(EXCERPTED RECORDS begins)
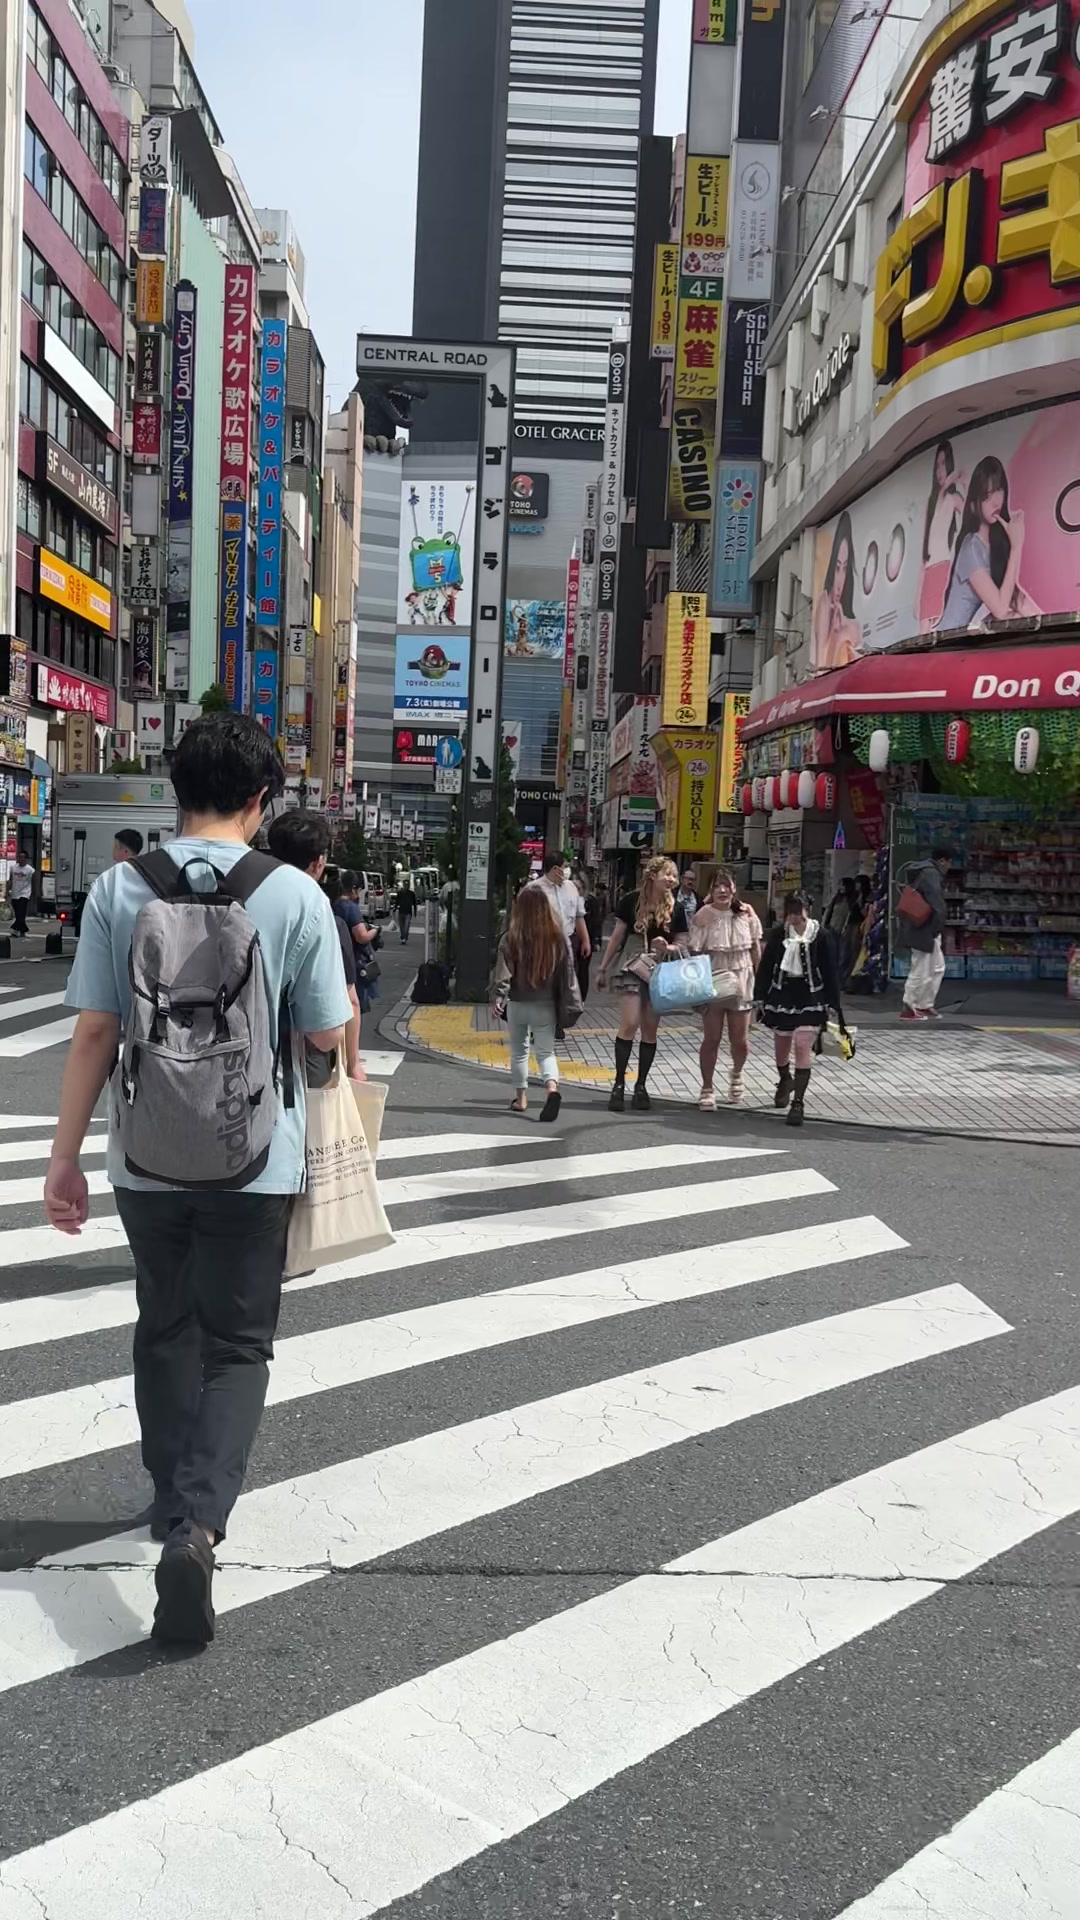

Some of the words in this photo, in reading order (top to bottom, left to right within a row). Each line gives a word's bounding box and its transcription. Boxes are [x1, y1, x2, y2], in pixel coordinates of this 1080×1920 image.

[147, 127, 163, 167] ダーツ
[696, 163, 713, 227] 生ビール
[686, 232, 726, 248] 199円
[661, 250, 674, 297] 生ビール
[689, 280, 717, 298] 4F
[683, 304, 719, 369] 麻雀
[223, 274, 248, 466] カラオケ歌広場
[364, 347, 439, 363] CENTRAL
[444, 352, 488, 366] ROAD
[610, 352, 625, 396] Booth
[677, 372, 709, 383] スリー
[608, 408, 620, 457] ネットカフェ
[172, 413, 190, 488] SHINJUKU
[608, 461, 617, 469] &
[674, 407, 712, 512] CASINO
[259, 330, 283, 614] カラオケ&パーティー館
[606, 472, 616, 506] カプセル
[508, 508, 538, 516] CINEMAS
[509, 500, 531, 508] TOHO
[226, 515, 241, 531] 薬
[434, 572, 442, 583] 5
[477, 446, 507, 724] ゴジラロード
[600, 558, 615, 601] Booth
[721, 580, 744, 595] 5F
[972, 674, 1041, 699] Don
[141, 717, 148, 731] I
[593, 721, 606, 730] 2F
[674, 739, 716, 750] カラオケ
[690, 779, 705, 842] 持込OK!
[216, 1052, 248, 1171] adidas
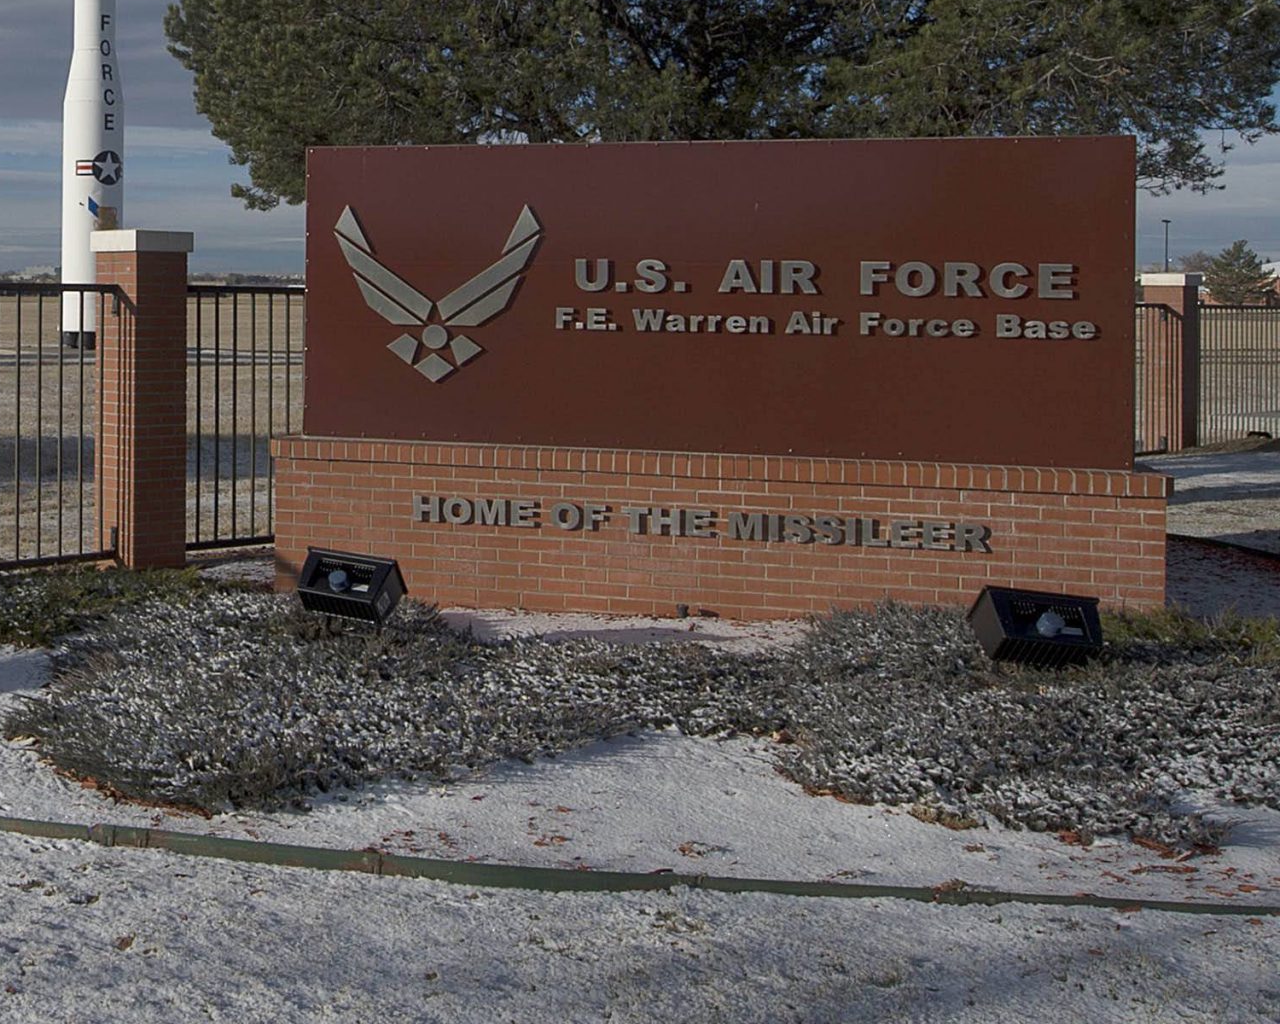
(EXCERPTED RECORDS ends)
> **ASSIGNMENT**
Every record must be transcribed faithfully, with no picture carried over.

> **SOLUTION FOR THIS PROBLEM**
Some of the words in this photo, in reading order (top to bottom, left to right within a row). Each line gives a word's bounding box and its transcription. Boxes are [x1, y1, x2, y2], in pixel coordinates of this 1080×1920 image.

[147, 127, 163, 167] ダーツ
[696, 163, 713, 227] 生ビール
[686, 232, 726, 248] 199円
[661, 250, 674, 297] 生ビール
[689, 280, 717, 298] 4F
[683, 304, 719, 369] 麻雀
[223, 274, 248, 466] カラオケ歌広場
[364, 347, 439, 363] CENTRAL
[444, 352, 488, 366] ROAD
[610, 352, 625, 396] Booth
[677, 372, 709, 383] スリー
[608, 408, 620, 457] ネットカフェ
[172, 413, 190, 488] SHINJUKU
[608, 461, 617, 469] &
[674, 407, 712, 512] CASINO
[259, 330, 283, 614] カラオケ&パーティー館
[606, 472, 616, 506] カプセル
[508, 508, 538, 516] CINEMAS
[509, 500, 531, 508] TOHO
[226, 515, 241, 531] 薬
[434, 572, 442, 583] 5
[477, 446, 507, 724] ゴジラロード
[600, 558, 615, 601] Booth
[721, 580, 744, 595] 5F
[972, 674, 1041, 699] Don
[141, 717, 148, 731] I
[593, 721, 606, 730] 2F
[674, 739, 716, 750] カラオケ
[690, 779, 705, 842] 持込OK!
[216, 1052, 248, 1171] adidas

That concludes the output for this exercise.